Alien.gov e aliens.gov: gli Usa registrano due domini internet ma è ancora mistero su quello che conterranno

Sugli alieni ci sono ancora tanti misteri: dalla loro esistenza al perché l’agenzia federale che gestisce la sicurezza informatica e l’infrastruttura digitale degli Stati Uniti abbia appena registrato due domini internet. Alien.gov e Aliens.gov sono infatti stati creati ufficialmente il 17 marzo, ma i siti non esistono ancora. A cosa serviranno? Che informazioni raccoglieranno? Per ora nessuno lo sa. Ma la registrazione dei domini arriva in un momento preciso: l’amministrazione Trump ha infatti promesso una nuova fase di trasparenza, chiedendo alle agenzie federali di identificare e rendere pubblici documenti su fenomeni anomali e Ufo, anzi Uap (Unidentified Aerial Phenomena), il termine tecnico preferito dal governo americano perché sposta il dibattito dalla fantascienza all’intelligence.

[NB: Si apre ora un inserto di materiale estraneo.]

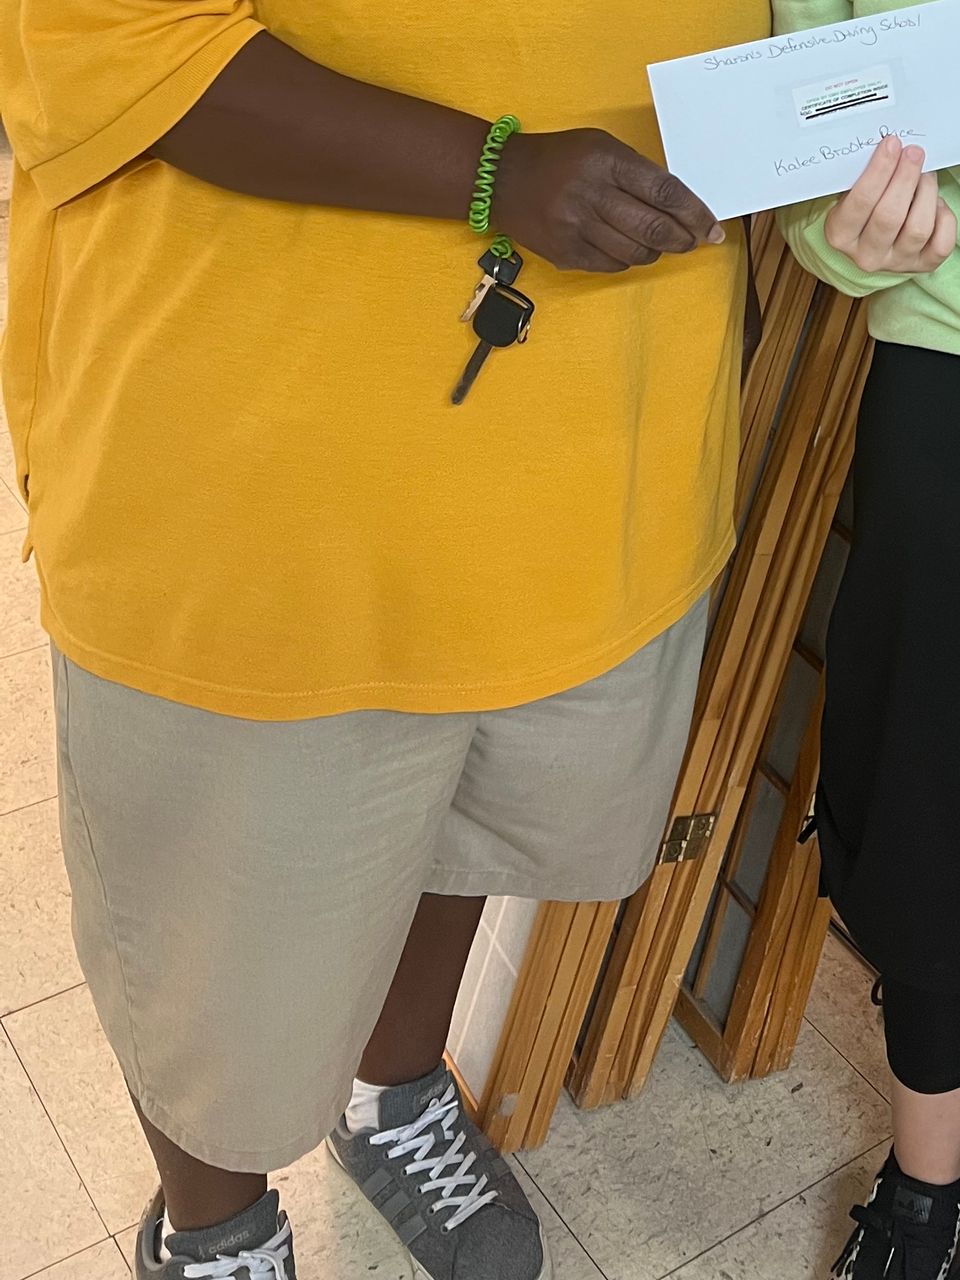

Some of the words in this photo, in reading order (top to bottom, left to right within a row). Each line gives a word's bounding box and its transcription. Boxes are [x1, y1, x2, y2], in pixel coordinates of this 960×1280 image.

La spinta alla trasparenza
Come racconta il Guardian, non è la prima volta che la politica americana prova a fare luce sul tema. Negli ultimi anni il Congresso ha organizzato audizioni pubbliche, con testimonianze anche clamorose da parte di ex funzionari dell’intelligence. Il risultato, però, è stato più prudente di quanto sperassero i sostenitori delle teorie aliene: nessuna prova di contatti extraterrestri, ma conferma che alcuni fenomeni restano inspiegati. I rapporti pubblicati dal Pentagono e dalle commissioni del Congresso – in particolare quelli analizzati dalla Nasa e dall’All-domain Anomaly Resolution Office – non hanno mai trovato prove di origine extraterrestre.
Non solo extraterrestri
Per quanto l’esistenza degli alieni sia il tema più affascinante, in realtà non è l’unico per il quale gli americani scrutano il cielo: il vero punto centrale, infatti, è la sicurezza dello spazio aereo. Secondo ABC News, basi militari come quella di Barksdale, in Louisiana, hanno registrato intrusioni di oggetti volanti non identificati, spesso riconducibili a droni. In alcuni casi si tratta di tecnologie potenzialmente legate a Paesi stranieri. La conferma arriva anche dal segretario di Stato Marco Rubio che ha parlato apertamente di velivoli non identificati sopra siti sensibili, inclusi impianti nucleari.
Il mistero dei siti
Resta la domanda iniziale: perché registrare domini come alien.gov e aliens.gov? L’agenzia federale non ha fornito spiegazioni ma ai giornalisti di Usa Today che hanno chiesto spiegazioni è arrivato questo messaggio: «Stay tuned», seguito dall’emoji di un alieno. Il mistero sta facendo salire la curiosità degli appassionati di extraterresti e fenomeni paranormali. Intanto, prendono piede tre possibili scenari:
- I siti potrebbero servire per pubblicare documenti in modo centralizzato;
- oppure potrebbero diventare il luogo per la consultazione dei dati finora dispersi tra agenzie varie;
- o, ancora, il tutto potrebbe essere una mossa comunicativa per intercettare l’attenzione pubblica.
Le dichiarazioni di Obama
L’operazione potrebbe anche essere una combinazione di questi tre scenari, che permetterebbe al presidente Trump di raggiungere due obiettivi: mantenere la promessa sulla trasparenza e cavalcare l’ondata di popolarità ottenuta dal democratico Barack Obama che un mese fa, intervistato da Brian Tyler Cohen in un podcast, aveva dichiarato di credere nell’esistenza di una vita extraterrestre, pur non avendone mai visto le prove.